Supplied entries section start
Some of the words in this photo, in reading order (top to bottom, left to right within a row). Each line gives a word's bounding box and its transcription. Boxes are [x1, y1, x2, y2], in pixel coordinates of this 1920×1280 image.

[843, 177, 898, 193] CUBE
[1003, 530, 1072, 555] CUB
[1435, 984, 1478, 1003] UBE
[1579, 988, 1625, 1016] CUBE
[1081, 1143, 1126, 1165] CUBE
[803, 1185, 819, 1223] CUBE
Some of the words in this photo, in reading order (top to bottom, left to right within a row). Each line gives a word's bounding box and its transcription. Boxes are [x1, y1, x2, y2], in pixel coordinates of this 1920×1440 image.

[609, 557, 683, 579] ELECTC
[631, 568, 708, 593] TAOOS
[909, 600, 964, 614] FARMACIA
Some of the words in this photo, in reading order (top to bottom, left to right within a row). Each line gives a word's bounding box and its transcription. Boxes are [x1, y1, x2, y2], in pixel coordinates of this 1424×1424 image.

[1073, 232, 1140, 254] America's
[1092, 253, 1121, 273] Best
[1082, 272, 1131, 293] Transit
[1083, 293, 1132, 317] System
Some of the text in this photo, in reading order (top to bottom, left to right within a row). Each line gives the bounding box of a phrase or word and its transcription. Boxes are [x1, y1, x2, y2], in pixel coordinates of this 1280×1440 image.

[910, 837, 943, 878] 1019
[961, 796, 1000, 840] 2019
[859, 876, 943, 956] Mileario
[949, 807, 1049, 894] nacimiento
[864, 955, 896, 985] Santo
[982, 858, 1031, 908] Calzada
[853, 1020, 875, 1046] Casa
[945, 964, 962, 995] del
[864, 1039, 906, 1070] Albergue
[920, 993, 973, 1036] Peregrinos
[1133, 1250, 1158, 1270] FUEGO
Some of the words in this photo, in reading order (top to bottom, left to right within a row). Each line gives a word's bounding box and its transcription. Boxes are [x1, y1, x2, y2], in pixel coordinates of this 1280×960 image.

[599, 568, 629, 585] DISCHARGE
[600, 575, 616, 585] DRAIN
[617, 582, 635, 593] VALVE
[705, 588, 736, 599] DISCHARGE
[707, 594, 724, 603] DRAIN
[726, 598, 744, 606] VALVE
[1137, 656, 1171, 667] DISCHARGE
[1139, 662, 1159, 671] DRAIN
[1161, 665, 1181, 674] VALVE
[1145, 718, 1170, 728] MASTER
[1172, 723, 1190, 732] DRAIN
Supplied entries section end
■ Task description:
Print the data in full. Match it exactly.

■ Result for this exercise:
Some of the words in this photo, in reading order (top to bottom, left to right within a row). Each line gives a word's bounding box and its transcription. Boxes are [x1, y1, x2, y2], in pixel coordinates of this 1920×1280 image.

[843, 177, 898, 193] CUBE
[1003, 530, 1072, 555] CUB
[1435, 984, 1478, 1003] UBE
[1579, 988, 1625, 1016] CUBE
[1081, 1143, 1126, 1165] CUBE
[803, 1185, 819, 1223] CUBE
Some of the words in this photo, in reading order (top to bottom, left to right within a row). Each line gives a word's bounding box and its transcription. Boxes are [x1, y1, x2, y2], in pixel coordinates of this 1920×1440 image.

[609, 557, 683, 579] ELECTC
[631, 568, 708, 593] TAOOS
[909, 600, 964, 614] FARMACIA
Some of the words in this photo, in reading order (top to bottom, left to right within a row). Each line gives a word's bounding box and its transcription. Boxes are [x1, y1, x2, y2], in pixel coordinates of this 1424×1424 image.

[1073, 232, 1140, 254] America's
[1092, 253, 1121, 273] Best
[1082, 272, 1131, 293] Transit
[1083, 293, 1132, 317] System
Some of the text in this photo, in reading order (top to bottom, left to right within a row). Each line gives the bounding box of a phrase or word and its transcription. Boxes are [x1, y1, x2, y2], in pixel coordinates of this 1280×1440 image.

[910, 837, 943, 878] 1019
[961, 796, 1000, 840] 2019
[859, 876, 943, 956] Mileario
[949, 807, 1049, 894] nacimiento
[864, 955, 896, 985] Santo
[982, 858, 1031, 908] Calzada
[853, 1020, 875, 1046] Casa
[945, 964, 962, 995] del
[864, 1039, 906, 1070] Albergue
[920, 993, 973, 1036] Peregrinos
[1133, 1250, 1158, 1270] FUEGO
Some of the words in this photo, in reading order (top to bottom, left to right within a row). Each line gives a word's bounding box and its transcription. Boxes are [x1, y1, x2, y2], in pixel coordinates of this 1280×960 image.

[599, 568, 629, 585] DISCHARGE
[600, 575, 616, 585] DRAIN
[617, 582, 635, 593] VALVE
[705, 588, 736, 599] DISCHARGE
[707, 594, 724, 603] DRAIN
[726, 598, 744, 606] VALVE
[1137, 656, 1171, 667] DISCHARGE
[1139, 662, 1159, 671] DRAIN
[1161, 665, 1181, 674] VALVE
[1145, 718, 1170, 728] MASTER
[1172, 723, 1190, 732] DRAIN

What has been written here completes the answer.